====== Supplied material ======

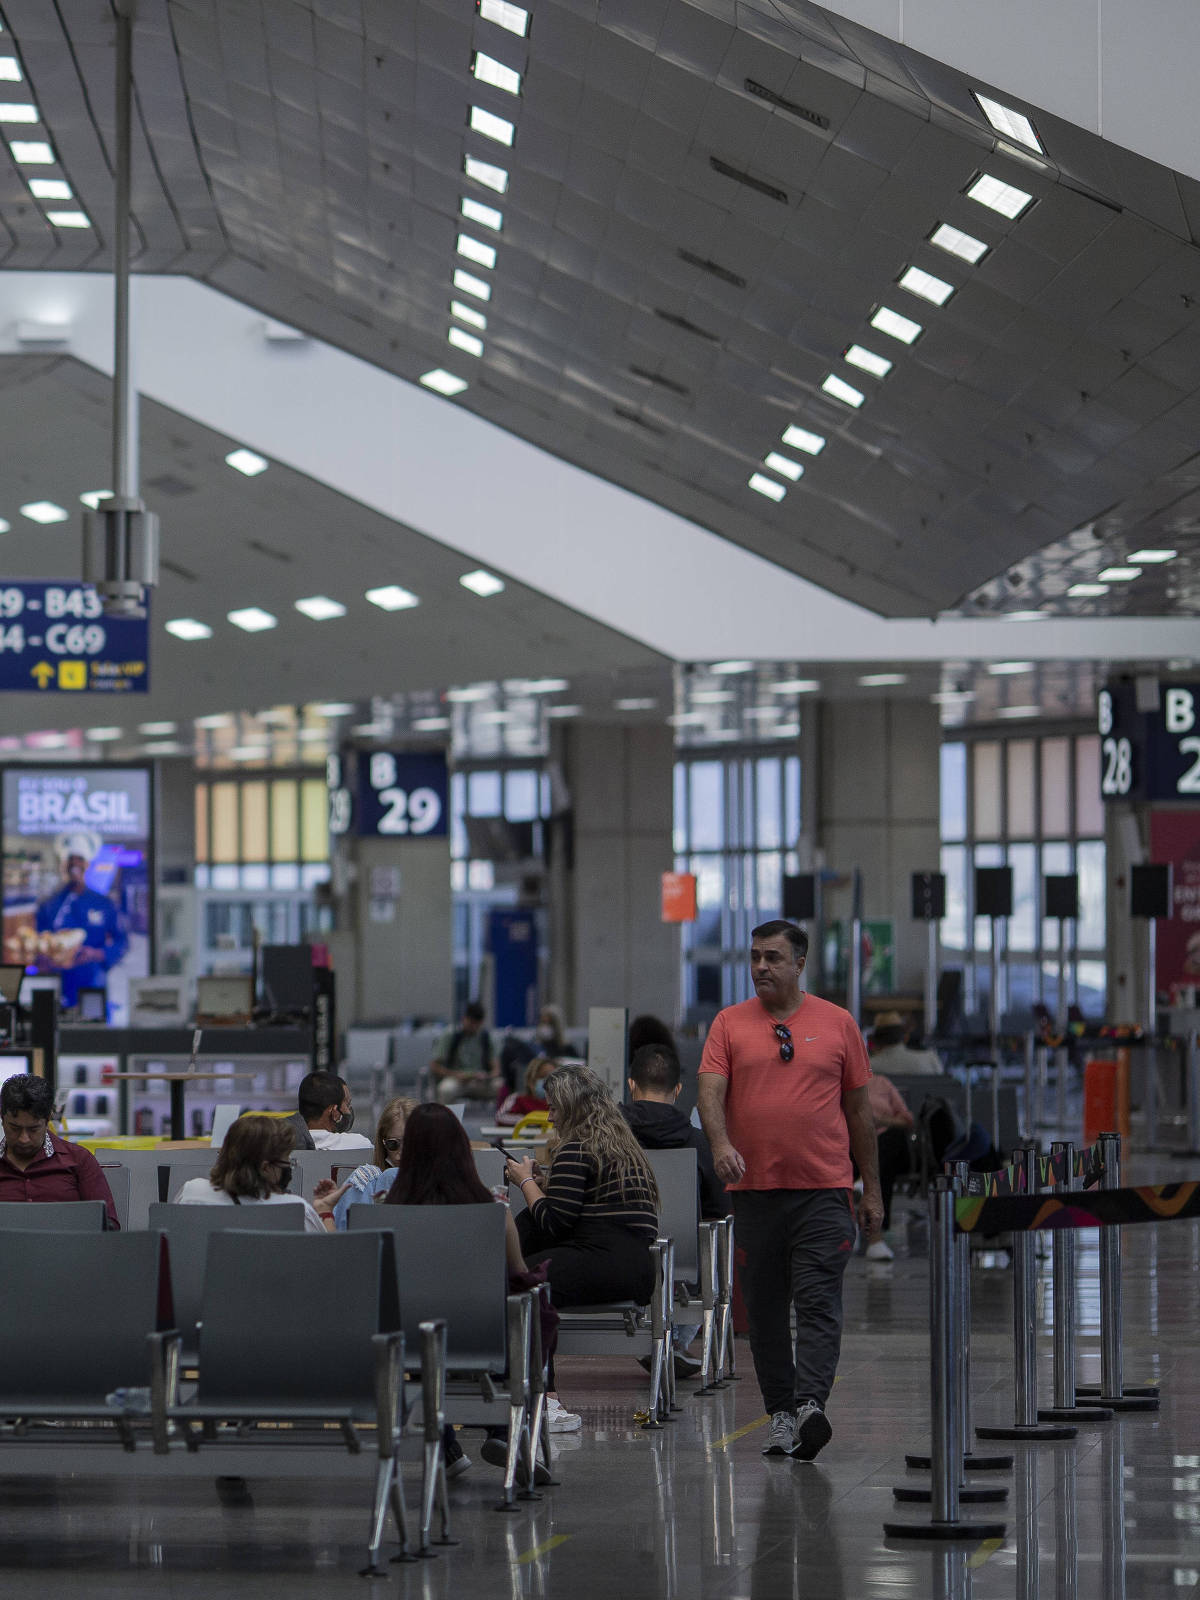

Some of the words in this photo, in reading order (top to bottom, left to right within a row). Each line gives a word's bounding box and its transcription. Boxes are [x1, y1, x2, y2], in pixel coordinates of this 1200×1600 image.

[45, 587, 103, 619] B43
[45, 623, 106, 654] C69
[1099, 690, 1112, 735] B
[1166, 689, 1194, 733] B
[370, 752, 397, 790] B
[1103, 737, 1132, 794] 28
[1177, 736, 1200, 793] 2
[19, 791, 138, 822] BRASIL
[378, 786, 441, 834] 29

======

◆ **What you will do**:
Repeat the data word for word. Images are not part of the copy.

◆ **Your solution**:
Some of the words in this photo, in reading order (top to bottom, left to right within a row). Each line gives a word's bounding box and its transcription. Boxes are [x1, y1, x2, y2], in pixel coordinates of this 1200×1600 image.

[45, 587, 103, 619] B43
[45, 623, 106, 654] C69
[1099, 690, 1112, 735] B
[1166, 689, 1194, 733] B
[370, 752, 397, 790] B
[1103, 737, 1132, 794] 28
[1177, 736, 1200, 793] 2
[19, 791, 138, 822] BRASIL
[378, 786, 441, 834] 29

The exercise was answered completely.